De este modo, lo que se pensó en un comienzo como un club de fútbol, es hoy un importante club de básquet de la ciudad y semillero de grandes estrellas nacionales. Santiago Losada, integrante del equipo que disputara la llamada “Epopeya del ascenso”, al que los temperlystas rindieron homenaje con una copa, considerada certámen oficial que lleva su nombre. Mario Bernardini, jugador de selecciones y  su hijo Ariel, quien también integró los grandes planteles y fue campeón con Boca Junior y Peñarol de  Mar del Plata en la Liga Nacional. Hoy se encuentra en la lista de los máximos goleadores de la historia de los torneos más importantes del país. Y aunque una grave lesión lo marginó de las canchas por un tiempo, regresó para quedarse, jugar en la liga local y dirigir las inferiores de Temperley. Un entrenador de lujo que conjuga la pasión, el profesionalismo y la humildad. Ciertamente es un lujo que “el Negro” tiene.

 

El último logro del Temperley fue la colocación del piso de parquet en la cancha “Alfredo Morosano” y cuya remodelación se celebró con multitudinario festejo de los socios, el 23 de agosto de 2009.

 

Con sabor a barrio.

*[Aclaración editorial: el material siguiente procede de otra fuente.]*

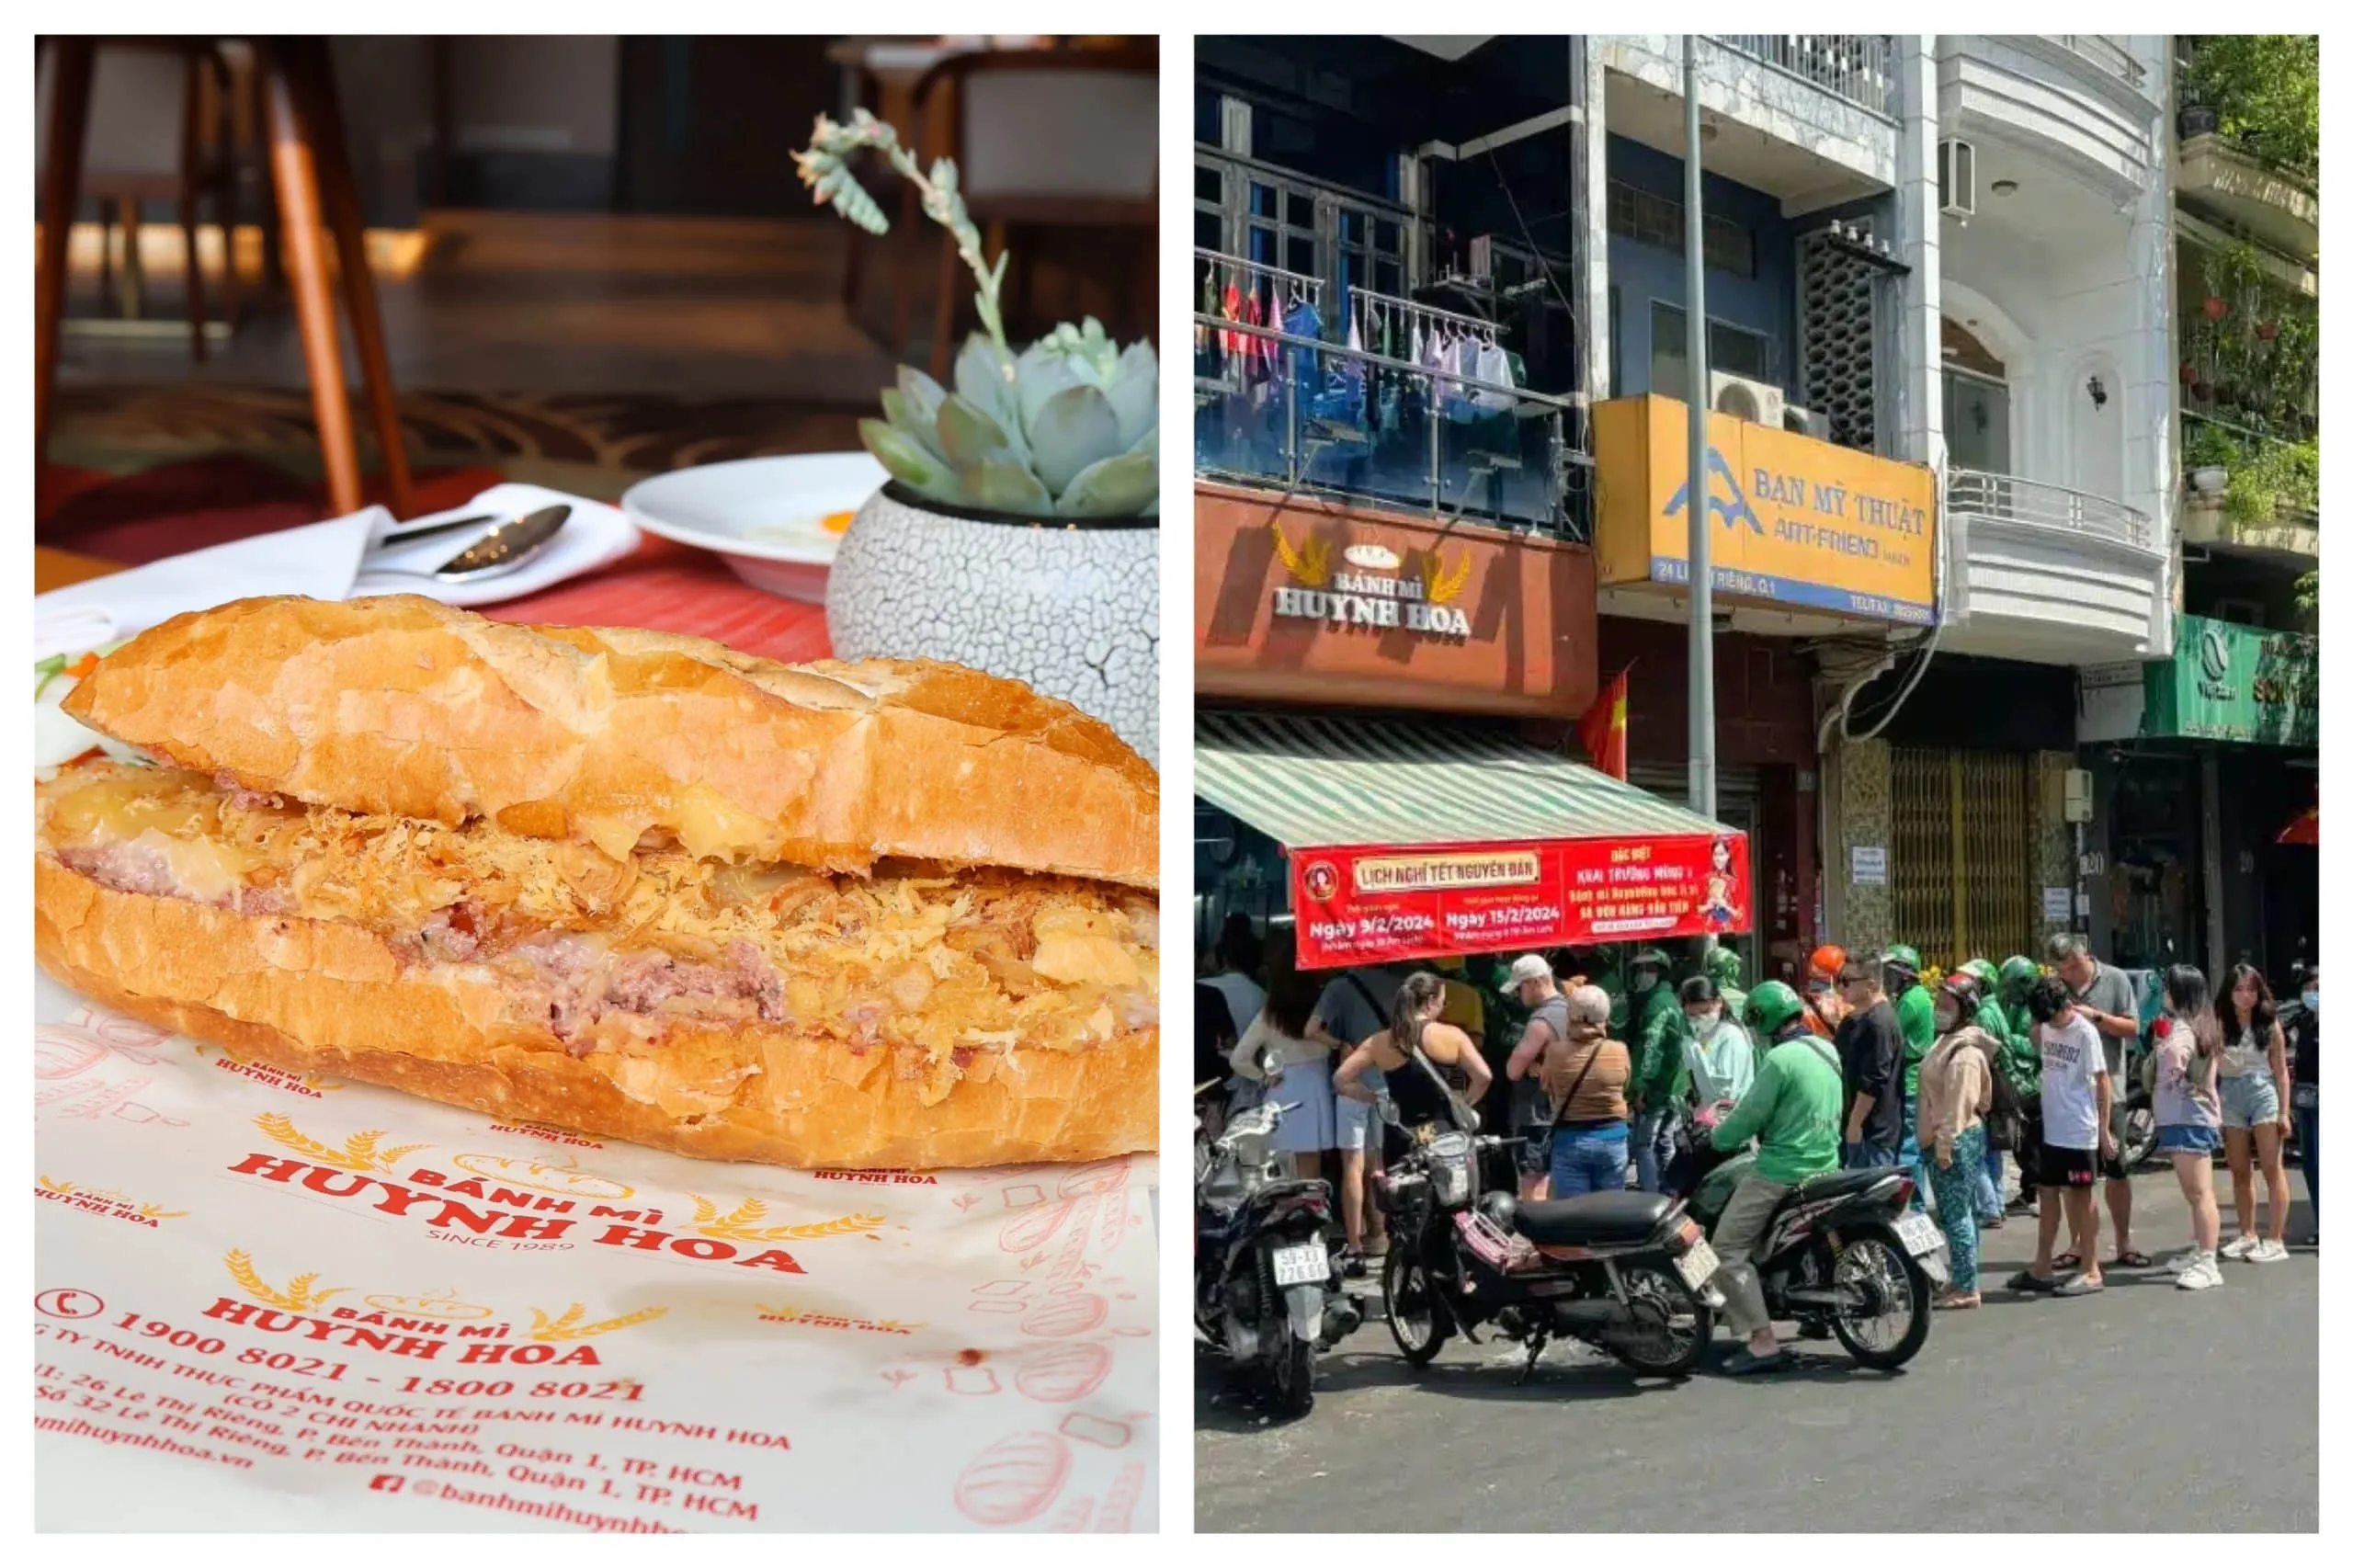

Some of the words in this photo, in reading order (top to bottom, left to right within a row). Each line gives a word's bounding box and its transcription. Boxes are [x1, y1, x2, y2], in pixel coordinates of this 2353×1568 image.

[1754, 468, 1804, 510] BẠN
[1813, 479, 1847, 517] MỸ
[1854, 494, 1926, 540] THUẬT
[1334, 570, 1395, 597] BÁNH
[1398, 575, 1423, 599] MÌ
[1406, 603, 1471, 636] HOA
[1362, 866, 1392, 885] LỊCH
[1395, 861, 1428, 883] NGHỈ
[1431, 860, 1454, 882] TẾT
[1457, 858, 1506, 881] NGUYÊN
[1508, 858, 1533, 878] ĐÁN
[1310, 920, 1356, 939] Ngày
[1360, 914, 1435, 934] 9/2/2024
[1446, 911, 1486, 929] Ngày
[1490, 905, 1560, 926] 15/2/2024
[215, 1058, 282, 1086] HUYNH
[284, 1081, 323, 1098] HOA
[252, 1062, 285, 1076] BÁNH
[563, 1138, 604, 1149] HOA
[814, 1171, 888, 1183] HUYNH
[893, 1175, 938, 1185] HOA
[407, 1168, 576, 1213] BÁNH
[588, 1205, 666, 1225] MÌ
[111, 1210, 159, 1228] HOA
[227, 1153, 577, 1240] HUYNH
[593, 1224, 809, 1274] HOA
[426, 1230, 504, 1249] SINCE
[510, 1242, 575, 1251] 1989
[201, 1297, 449, 1359] HUYNH
[456, 1344, 603, 1366] HOA
[331, 1306, 450, 1335] BÁNH
[458, 1322, 512, 1339] MÌ
[111, 1312, 226, 1355] 1900
[235, 1346, 348, 1382] 8021
[396, 1376, 515, 1397] 1800
[529, 1380, 645, 1403] 8021
[55, 1328, 91, 1345] TY
[92, 1338, 167, 1370] TNHH
[726, 1429, 792, 1451] HOA
[70, 1374, 109, 1392] 26
[296, 1426, 319, 1442] P.
[621, 1457, 658, 1478] TP.
[667, 1464, 744, 1492] HCM
[279, 1405, 301, 1418] 2
[308, 1411, 358, 1430] CHI
[74, 1394, 113, 1414] 32
[303, 1448, 326, 1463] P.
[636, 1483, 673, 1506] TP.
[683, 1492, 760, 1522] HCM
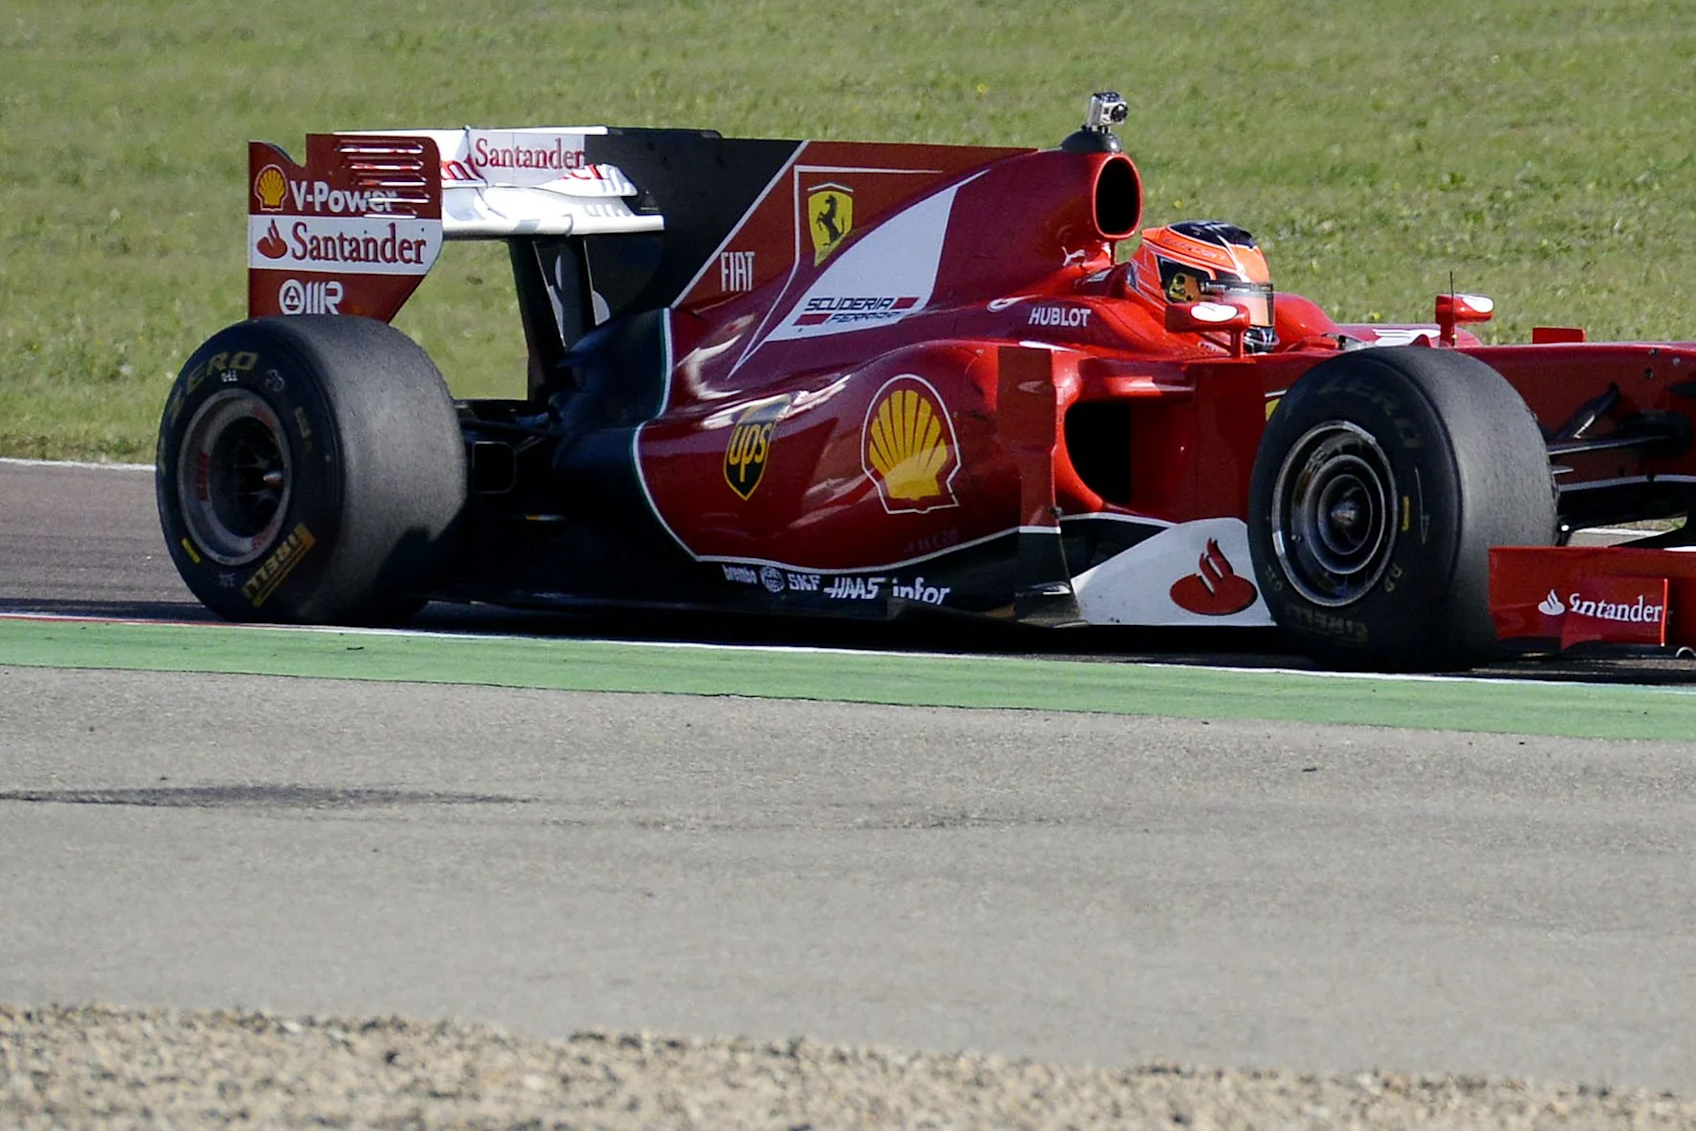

El sentimiento sano y profundo de un grupo de chicos en las primeras décadas del siglo pasado, creó un espacio de recreación deportiva y social que hoy, 80 años después, alberga y contiene a numerosos niños y adolescentes.

Sin lugar a dudas, el negro y blanco de aquella hoja de periódico que envolvió los pies de Alfredo Morosano una tarde de 1927, marcaron con fuego y pasión la historia del Club Atlético Temperley.